For the record, my policy choices aligned more with Bernie Sanders, but I supported Clinton (quietly) in the primary and more openly in the general election. Besides commenting online and getting my immediate family to vote for Clinton in my deep blue state, I did nothing else. [For a longer reader note along those lines, see “The Guilt and Pain of a Clinton Supporter.”]

Let me begin by saying that I will NEVER accept Trump as my president. I will also join the resistance against him (in the ballot box and on the streets). I will not take the Trumpian agenda lying down, nor I will accept the hate crimes being committed in Trump’s name. Nor will I compromise on my core values of a open democratic and inclusive society.

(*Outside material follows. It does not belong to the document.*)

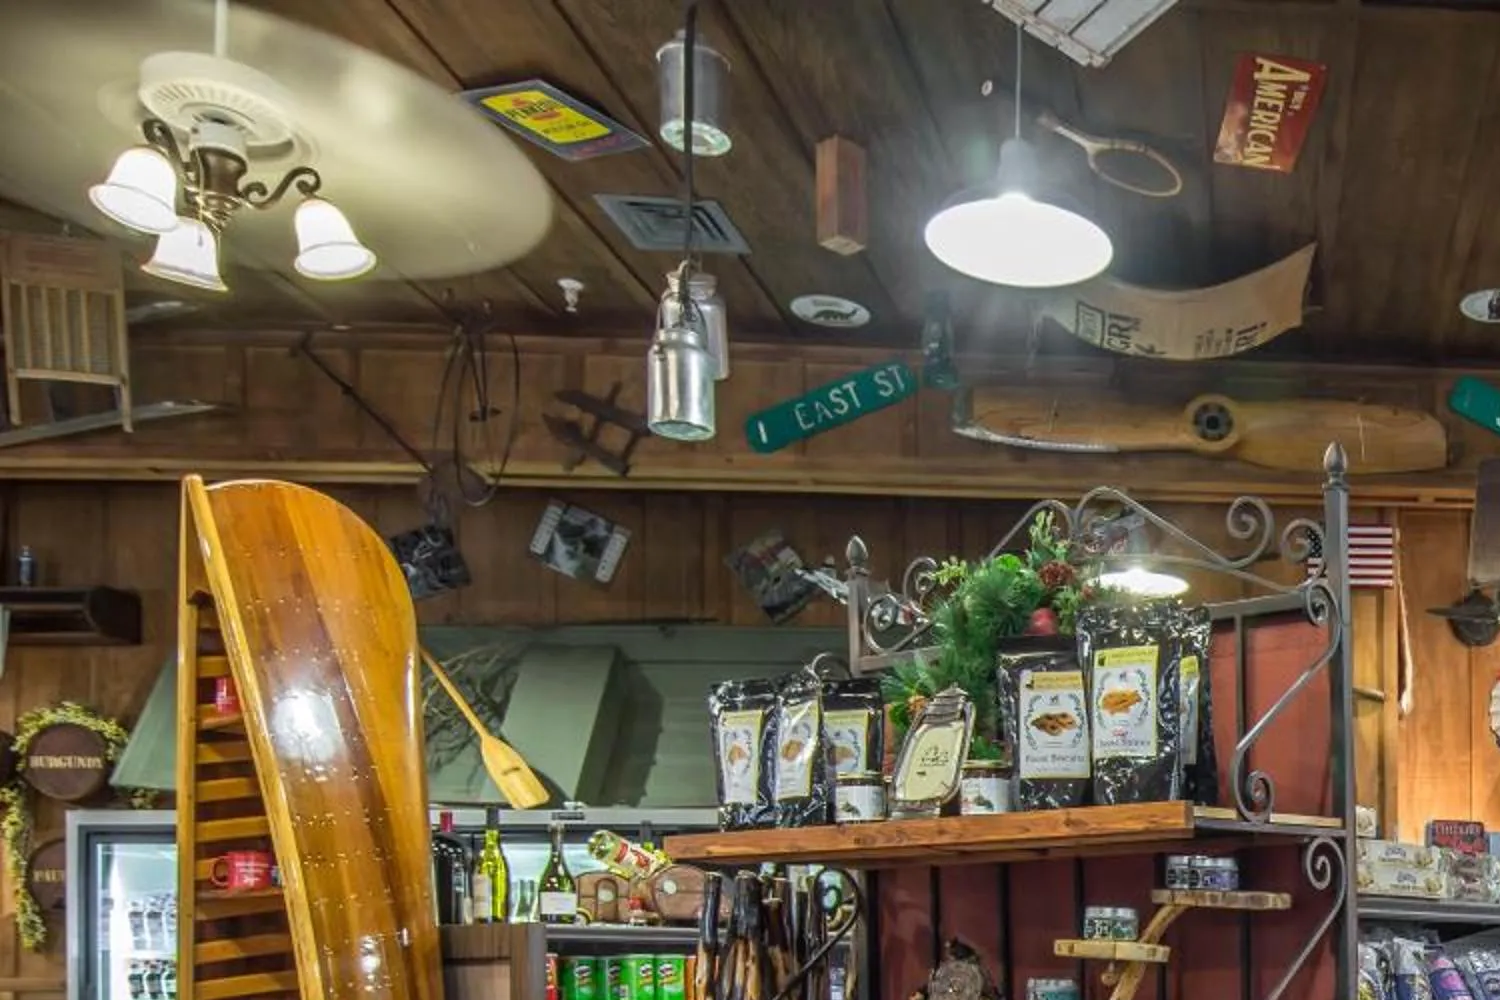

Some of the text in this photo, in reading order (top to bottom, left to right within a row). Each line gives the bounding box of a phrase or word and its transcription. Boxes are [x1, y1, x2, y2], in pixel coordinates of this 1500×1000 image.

[1242, 56, 1312, 169] AMERICAN
[793, 380, 862, 431] EAST
[873, 364, 906, 397] ST

At the same time, I do want to acknowledge that two bubbles exist in America, and one is made up of the Northeast and West Coast where liberal initiatives made gains. This is the bubble I live in, a progressive urban and cosmopolitan bubble. The other bubble is made up of the Mid-west and South, a backwards bubble (economically and socially).

I want to believe that most Trump voters are not personally racist or motivated by hate of the “other” (evidence is proving to show otherwise). But at the same time I do want to reach out to blue-collar workers (people I grew up around my entire life) and understand why the think and believe what they believe. If I can go from being a conservative Republican to liberal Democrat as a result of open-minded inquiry, then I believe other people can. I do not want to believe that half of our country is irredeemable, and I want to bridge the divide and work towards a progressive future.

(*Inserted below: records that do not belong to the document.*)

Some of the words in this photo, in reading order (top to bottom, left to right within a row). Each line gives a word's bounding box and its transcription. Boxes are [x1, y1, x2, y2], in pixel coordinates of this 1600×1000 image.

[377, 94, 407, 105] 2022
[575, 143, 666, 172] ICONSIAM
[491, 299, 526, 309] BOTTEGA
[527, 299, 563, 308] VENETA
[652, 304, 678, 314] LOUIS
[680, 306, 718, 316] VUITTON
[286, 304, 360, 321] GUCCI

Lastly here’s Susan, a reader in Portland, Oregon (where most of my family ended up after living all over the Midwest and South):

I guess I’m an elite, by Trump voters’ definition. I grew up in Grand Rapids, Mich., my dad worked in a factory. I went in the military, finished college on the GI bill and moved to the west coast. I remember bitterly finding out my cousin-in-law back in GR, a gate guard at an auto factory, made three times a year what I made as a college graduate and news reporter. My fault for picking a low-paying profession, lower than teachers, with whom I used to commiserate. If people think THOSE jobs are coming back, well, I hope they hold Trump’s feet to the fire. They’ve been lied to, big league.

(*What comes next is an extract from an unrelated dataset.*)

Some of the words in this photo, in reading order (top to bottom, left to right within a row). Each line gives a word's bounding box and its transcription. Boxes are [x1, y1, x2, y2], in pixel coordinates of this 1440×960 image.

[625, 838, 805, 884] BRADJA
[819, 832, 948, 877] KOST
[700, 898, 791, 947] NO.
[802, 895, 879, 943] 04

If you have something notable to add to the thread, hello@theatlantic.com is always open. We’ve gotten hundreds and hundreds of emails since the election, and we can’t post all of them of course, but we’re doing our best to feature the smartest, most thoughtful, tough-minded arguments and personal stories. I’m truly awed by the quality of notes coming in—the best I’ve seen since Notes launched more than a year ago.

Update from yet another reader, Mike:

I reject the notion of a “Liberal Bubble” as it has been described in the media recently. To me, it’s more indicative of liberals’ proclivity to hurry into the arms of defeat whenever they can. As our politics has seen over the last several decades, liberals seem to look for ways to surrender ground all the time. They seem to have taken to heart all the conservative tropes about how they’re somehow not #RealAmericans. This bubble talk is just one more instance of that.

How is it the liberals who are in a bubble and not other factions of the country? We’re not getting that impression from the popular vote!

If anything, we are a country of bubbles. The Trump supporters were deluded when they voted us into this mess. They bought into a massive con because they were conveniently insulated from a lot of important information. That’s by no means a unique feature to their cause, but that’s also kind of my point.

Now, if we were to say there was a “Clinton Bubble,” then I would agree with that. But really, it’s a stretch to call her a liberal to begin with.

But really, we’ve all just been divided into convenient demographics to make it easier to market to and exploit. Recent events should make that all the more evident.